Para encontrar o Salvador não há que olhar para o alto, mas contemplar para baixo. A onipotência de Deus resplandece na impotência de um recém-nascido. A eloquência do Verbo Eterno ressoa no primeiro vagido de um infante.
A santidade do Espírito brilha nesse pequeno corpo recém-lavado e envolto em faixas. É divino o desejo de cuidado e de calor que o Filho do Pai compartilha na história com todos os seus irmãos. A luz divina que irradia desta criança nos ajuda a ver o homem em toda vida que nasce.
Para iluminar nossa cegueira, o Senhor quis se revelar de homem a homem, sua verdadeira imagem segundo um desígnio de amor iniciado com a criação do mundo. Enquanto a noite do erro escurece esta verdade providencial, então não há tampouco lugar para os outros, para as crianças, para os pobres, para os estrangeiros. Tão atuais são as palavras do papa Bento XVI, que nos recordam que na terra não há espaço para Deus se não houver espaço para o homem.
Não acolher a um significa não acolher ao outro. Ao contrário, ali onde há lugar para o homem há lugar para Deus; então um estábulo pode se tornar mais sagrado que um templo e o seio da Virgem Maria é a arca da nova aliança. Admiramos, queridíssimos, a sabedoria do Natal.
Na criança Jesus, Deus dá ao mundo uma vida nova, a sua, para todos. Não uma ideia resolutiva para cada problema, mas uma história de amor que nos envolve. Diante das expectativas dos povos, Ele envia um infante para que seja palavra de esperança.
Diante da dor dos miseráveis, Ele envia um inerme para que seja força para se levantar. Diante da violência e da opressão, Ele acende uma luz suave que ilumina com salvação a todos os filhos deste mundo.
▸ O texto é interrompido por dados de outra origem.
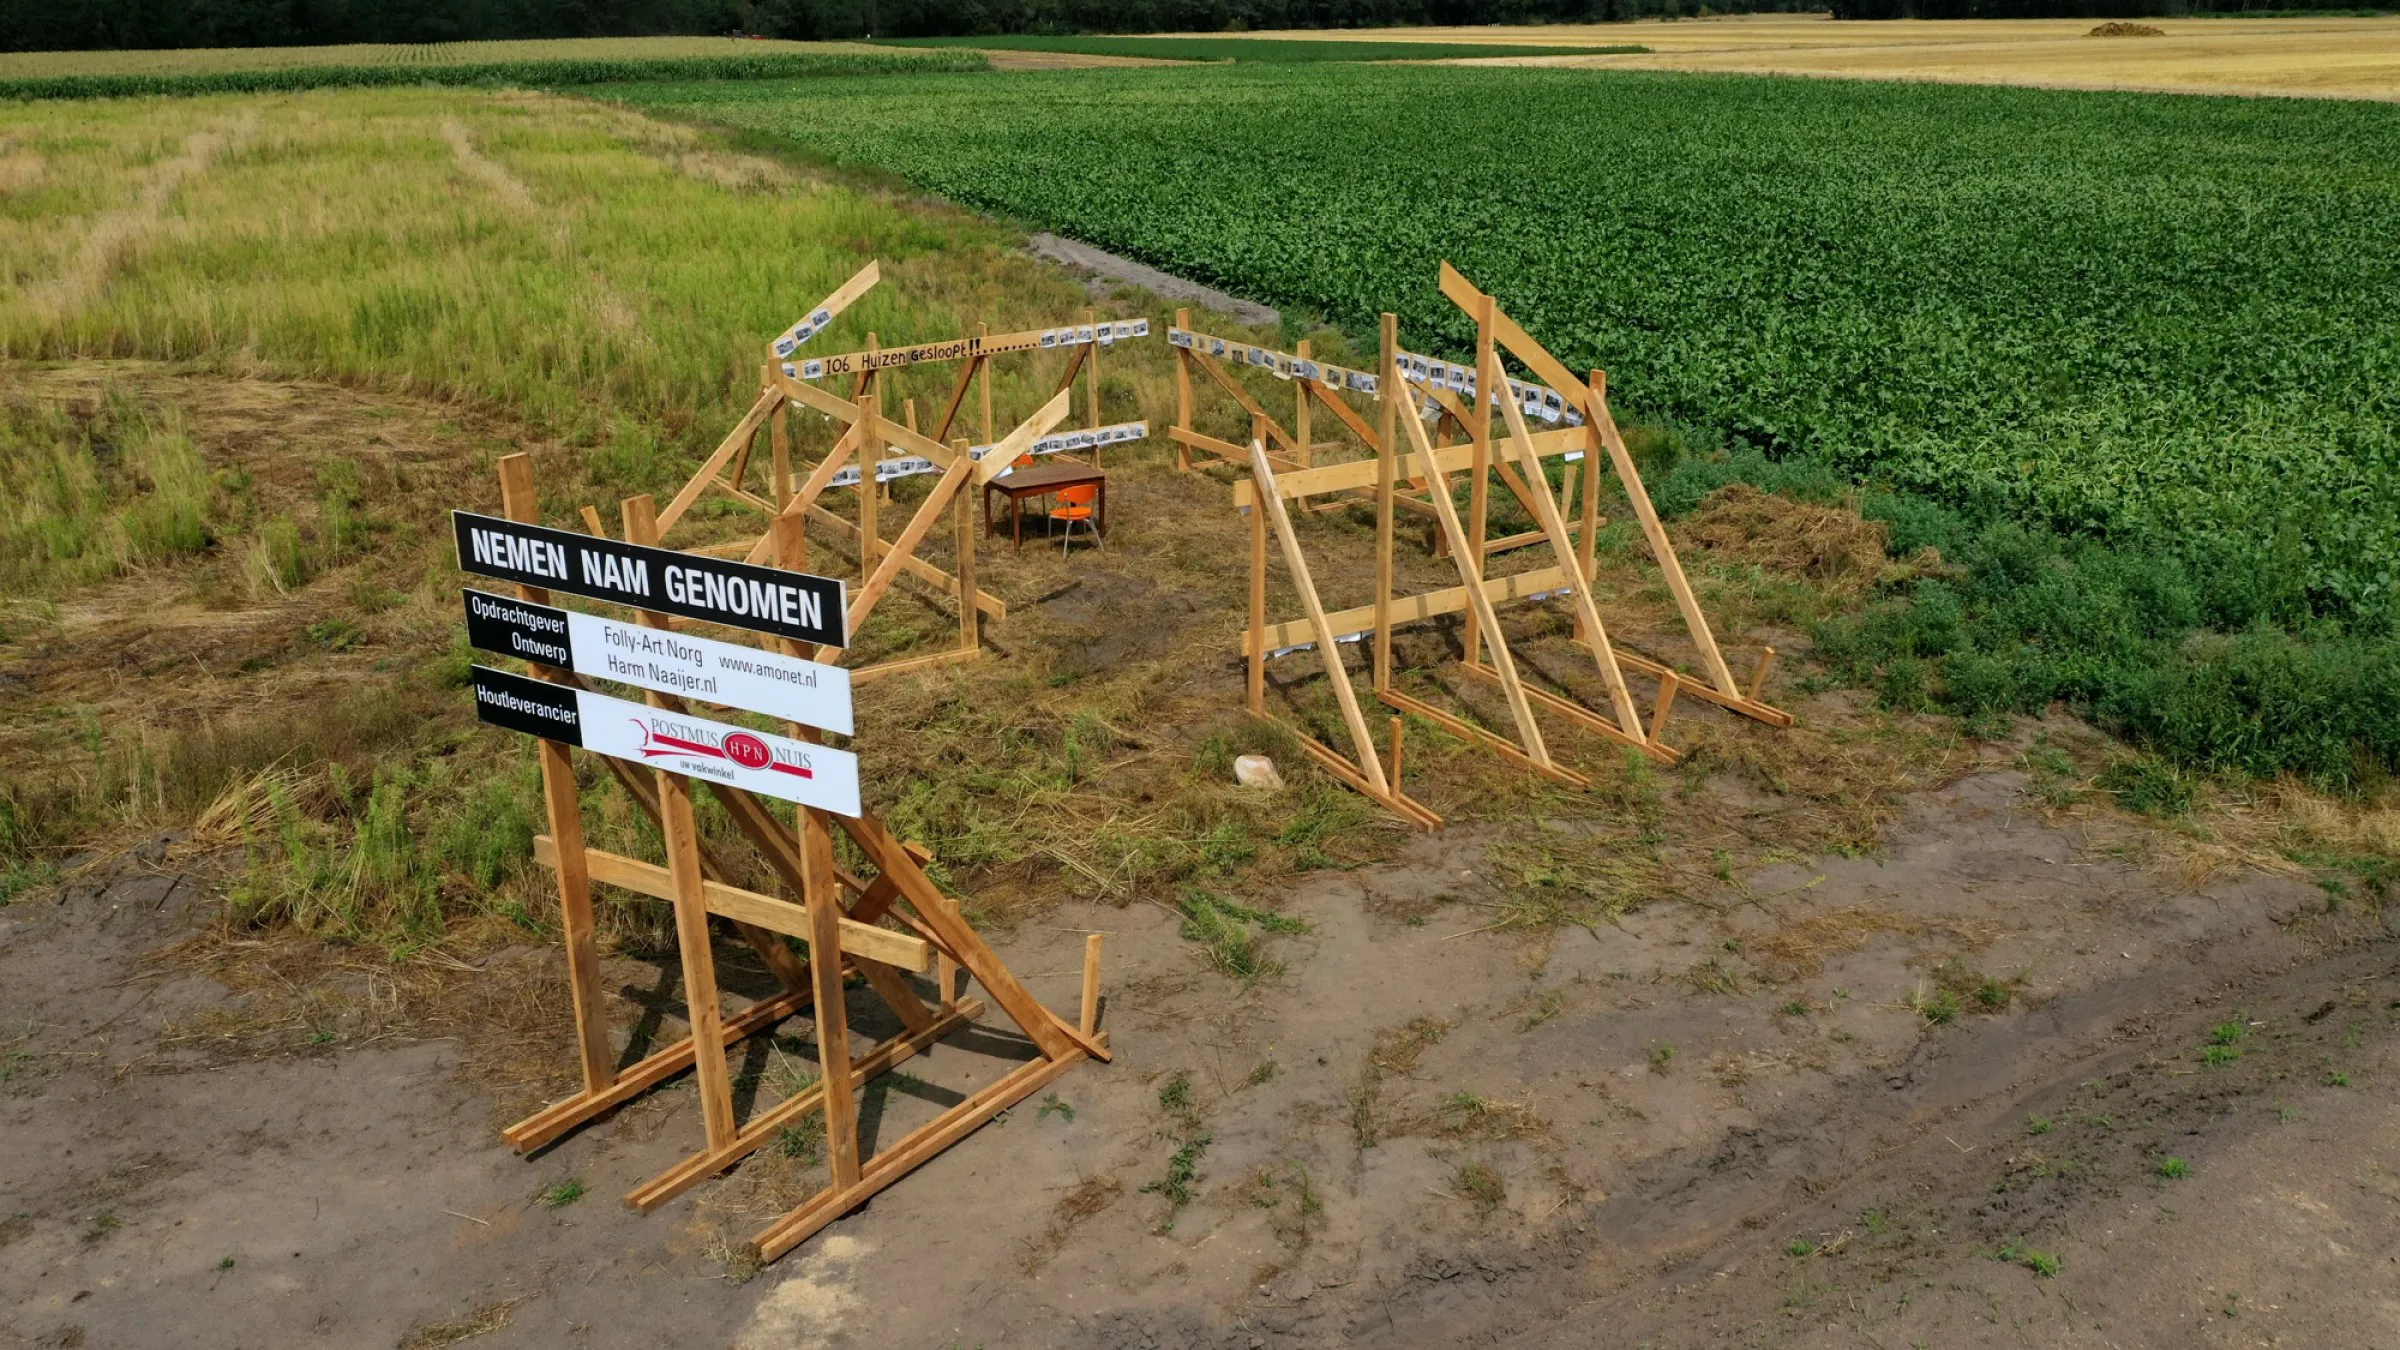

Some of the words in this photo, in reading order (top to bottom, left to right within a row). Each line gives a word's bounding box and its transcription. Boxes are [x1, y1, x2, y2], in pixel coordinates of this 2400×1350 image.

[826, 356, 850, 375] 106
[861, 352, 906, 369] Huizen
[471, 527, 568, 581] NEMEN
[580, 549, 650, 597] NAM
[664, 564, 823, 631] GENOMEN
[472, 596, 565, 634] Opdrachtgever
[511, 632, 567, 665] Ontwerp
[604, 626, 664, 655] Folly-Art
[667, 639, 703, 668] Norg
[719, 655, 817, 689] www.amonet.nl
[608, 654, 645, 678] Harm
[649, 663, 717, 694] Naaijer.nl
[477, 684, 577, 726] Houtleverancier
[651, 718, 720, 747] POSTMUS
[730, 741, 763, 762] HPN
[775, 746, 812, 769] NUIS
[680, 760, 691, 769] uw
[691, 762, 735, 780] vakwinkel
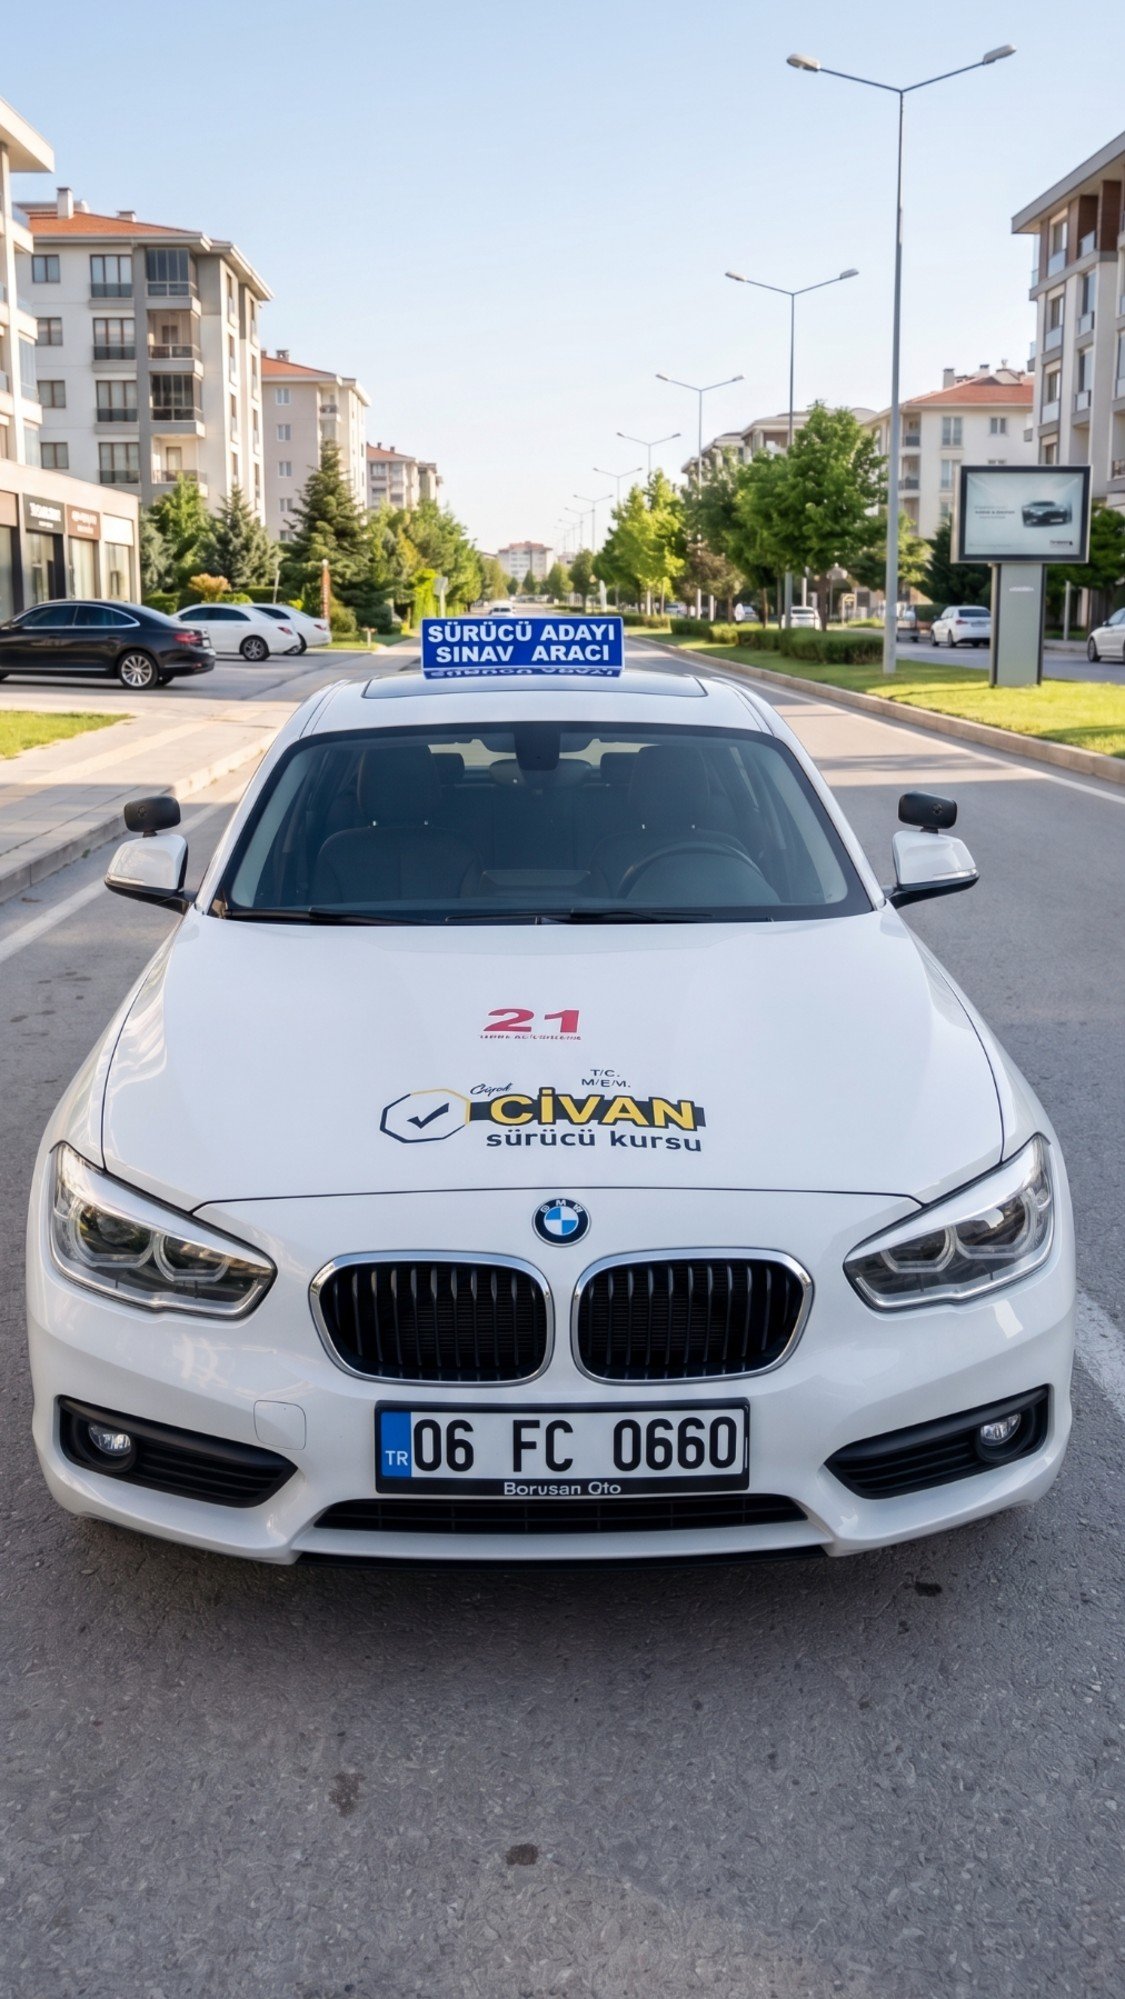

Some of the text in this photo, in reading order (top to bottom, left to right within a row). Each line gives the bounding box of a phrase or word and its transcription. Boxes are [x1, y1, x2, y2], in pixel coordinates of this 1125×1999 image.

[427, 621, 615, 642] SÜRÜCÜ ADAYI
[436, 644, 609, 663] SINAV ARACI
[483, 1008, 580, 1033] 21
[486, 1129, 702, 1152] sürücü kursu
[540, 1199, 583, 1213] BMW
[385, 1416, 737, 1472] TR 06 FC 0660
[503, 1481, 581, 1496] Borusan
Como assinalava santo Agostinho, o orgulho humano te esmagou tanto que só a humildade divina podia te levantar.
Sim, enquanto uma economia distorcida induz a tratar os homens como mercadoria, Deus se faz semelhante a nós, revelando a infinita dignidade de toda pessoa. Enquanto o homem quer se fazer Deus para dominar ao seu próximo, Deus quer se fazer homem para nos libertar de toda escravidão. Nos bastará este amor para mudar nossa história? A resposta chega apenas despertamos, como os pastores, de uma noite mortal à luz da vida que nasce, contemplando a criança Jesus.
Sobre o estábulo de Belém, onde Maria e José, cheios de assombro, velam o recém-nascido, o céu estrelado se converte em uma multidão do Exército Celestial. São hostes desarmadas e desarmantes, porque cantam a glória de Deus, na qual a paz se manifesta na terra. No coração de Cristo, de fato, palpita o vínculo que une no amor o céu e a terra, ao Criador e às criaturas.
Por isso, exatamente há um ano, o papa Francisco afirmava que o Natal de Jesus reaviva em nós o dom e o compromisso de levar esperança ali onde se perdeu, porque com Ele floresce a alegria, com Ele a vida muda, com Ele a esperança não decepciona. Com estas palavras começava o Ano Santo; agora que o Jubileu se encaminha para o seu cumprimento, o Natal é para nós tempo de gratidão e de missão: gratidão pelo dom recebido, missão para testemunhá-lo ao mundo. Como canta o salmista: anunciai dia após dia sua salvação, contai entre as nações sua glória, a todos os povos proclamai suas maravilhas.
Irmãs, irmãos, a contemplação do Verbo feito carne suscita em toda a Igreja uma palavra nova e verdadeira. Proclamemos, pois, a alegria do Natal, que é festa da fé, da caridade e da esperança. É festa da fé porque Deus se faz homem nascendo da Virgem.
É festa da caridade porque o dom do Filho Redentor se faz realidade na entrega fraterna. É festa da esperança porque a Criança Jesus a acende em nós, tornando-nos mensageiros de paz. Com estas virtudes no coração, sem temer a noite, podemos sair ao encontro do alvorecer do Dia Novo.